People are unsure if they need to report crypto-to-crypto transactions on their taxes. It’s hard to keep up with all the rules and regulations when it comes to taxes, especially when it comes to something as new as cryptocurrencies.
We’re here to help clear things up. Below we’ve answered some of the most commonly asked questions about crypto-to-crypto transactions and taxation.
Is crypto to crypto taxable? Yes, crypto to crypto is taxable. Even if no money changes hands, the IRS considers exchanges of one type of cryptocurrency for another to be taxable.
Is Crypto To Crypto Taxable?
Crypto to crypto is taxable. Even if no money changes hands, the IRS considers exchanges of one type of cryptocurrency for another to be taxable. It’s the same as selling your cryptocurrency for fiat currency. It does not matter which crypto you’re selling it for; if it’s a stablecoin or an altcoin, it’s still a taxable event. You’ll pay short or long-term Capital Gain Tax on any capital gain you earn as a result of the transaction.
If you’re buying crypto with another cryptocurrency, for example, BTC for ETH, this is a taxable event in the United States. The IRS considers this to be two separate transactions. Let’s assume that you want to purchase ETH using BC as an example.
The IRS considers you selling your BTC for a non-existent amount of dollars. You then use these made-up funds to purchase ETH. You must pay tax on the trade of the BTC, not the acquisition of the ETH, even though you never received any fiat currency.
In this example, you’d use the cost basis of your BTC and deduct it from the fair market value of BTC on the day you acquired ETH to calculate your capital gain.
Calculating Taxes On Crypto To Crypto
In the United States, you must record the value of your bitcoin in local currency at the time of purchase. Because most exchange records lack a reference price point, and records between exchanges are not easily compatible, this may be very time-consuming to accomplish manually.
It takes time to calculate your crypto taxes, especially if you trade at scale. You may complete it manually or utilize a tax calculator to save hours. Follow these actions to compute your crypto taxes manually:
- Identify any crypto transactions that you completed during the entire financial year for which you’re reporting.

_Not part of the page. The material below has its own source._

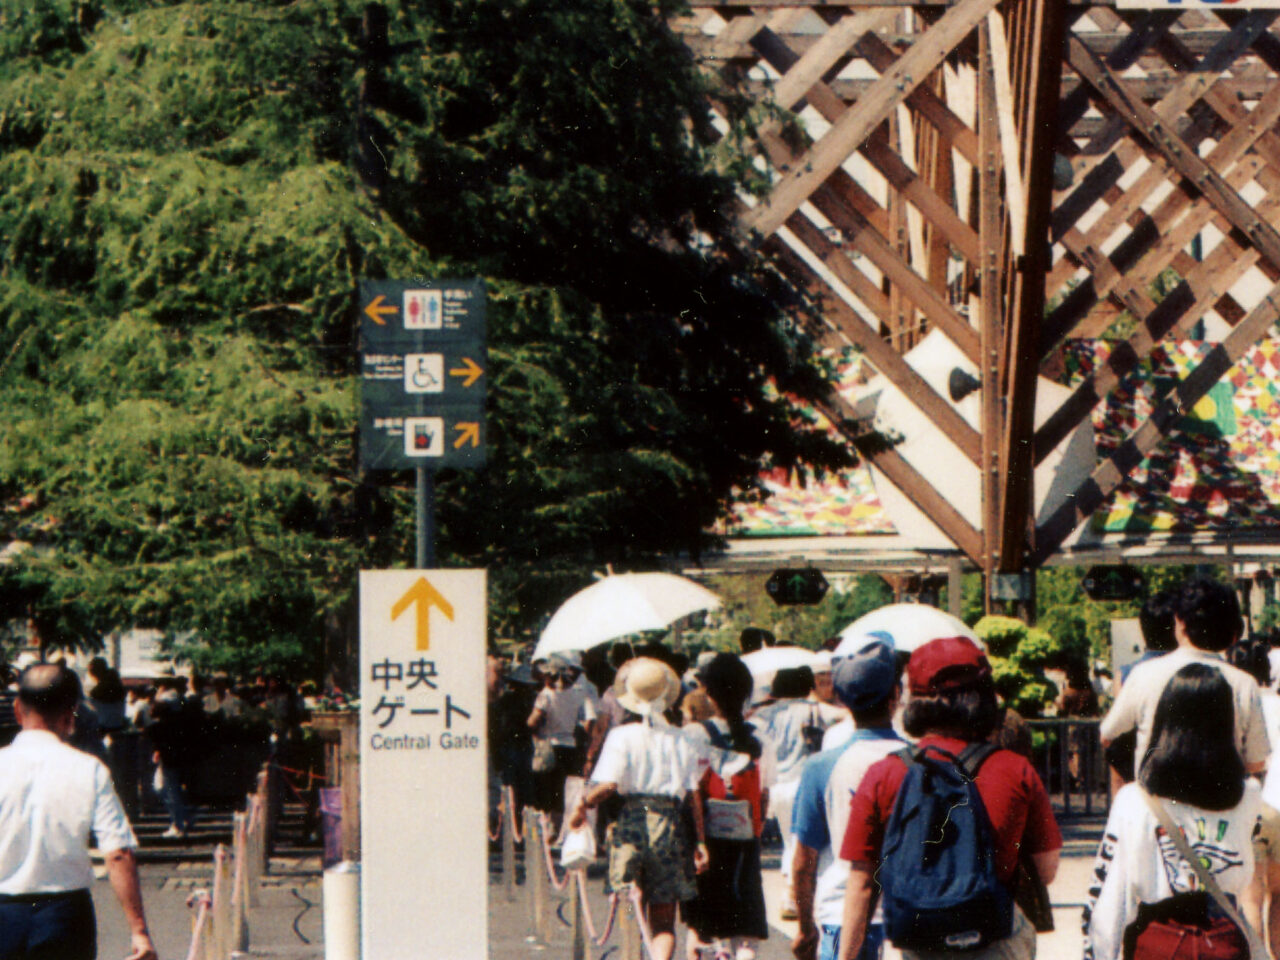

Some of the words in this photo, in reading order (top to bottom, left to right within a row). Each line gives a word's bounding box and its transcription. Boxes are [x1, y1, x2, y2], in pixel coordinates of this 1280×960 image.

[371, 658, 438, 690] 中央
[372, 695, 471, 728] ゲート
[371, 733, 431, 750] Central
[440, 732, 479, 749] Gate

- Determine which transactions are subject to income tax and which are subject to capital gains tax.
- Identify the cost basis for each transaction according to your chosen accounting technique.
- The current capital gains and losses, income, and expenses must be calculated.
- You’ll then need to notify the IRS (yes, every single one), as well as any income from crypto, about your crypto disposals, profits from your disposal, and capital gains or losses.
How To File Crypto To Crypto On Your Federal Taxes
In the eyes of the IRS, cryptocurrency is not a genuine currency. According to IRS Notice 2014-21, the IRS considers cryptocurrencies to be property for tax purposes. Schedule D and/or Form 8949 should be used if necessary to report capital gains and losses from cryptocurrency transactions.
You submit your crypto taxes with your annual tax return, but you’ll also need a few other documents.
File crypto disposals, capital gains, and losses on Form Schedule D (1040) and Form 8949.
File crypto income on Form Schedule 1 (1040) or Form Schedule C (1040).
Follow 5 easy steps to submit your crypto tax to the IRS:
- Calculate your crypto taxes. You’ll need to know your capital gains, losses, income, and costs.
- After you’ve estimated your capital gains and losses, fill out the tax form for bitcoin – Form 8949 – with all of your taxable transactions.
- Include the net capital gains and losses from Form 8949 on Schedule D, along with your short-term and long-term capital gains and losses.
- You must complete Schedule 1 if you have crypto income from airdrops, forkings, liquidity pools, bonuses, and other sources. If you’re self-employed or operate a cryptocurrency company, use Schedule C instead.
- Attach all of the forms you’ve filled out and submitted. This is where you should send it to the IRS.
State Taxes On Crypto To Crypto
The majority of states have yet to provide guidance on the tax treatment of virtual currency and cryptocurrency. Sales and use tax implications are significant from a state tax perspective because whether or not the purchase of virtual currency or cryptocurrency is treated as a taxable sale.
Taxpayers should also be aware of how to compute and report sales tax on purchases made using virtual currency or cryptocurrency. Taxpayers in states without laws regulating the use of virtual currency or cryptocurrency may wish to look at their state’s approach to taxation other types of currency and intangible property, as well as whether or not the state follows federal tax rules for convertible virtual currency.
Conclusion
Conclusion paragraph: The IRS considers exchanges of one type of cryptocurrency for another to be taxable. In other words, if you trade Bitcoin for Ethereum or Litecoin, the transaction is considered a sale and will likely incur capital gains tax on any profit from the exchange. If this sounds like something that applies to your business, make sure you consult an accountant who specializes in crypto taxes to help ensure compliance with all relevant laws before engaging in any transactions.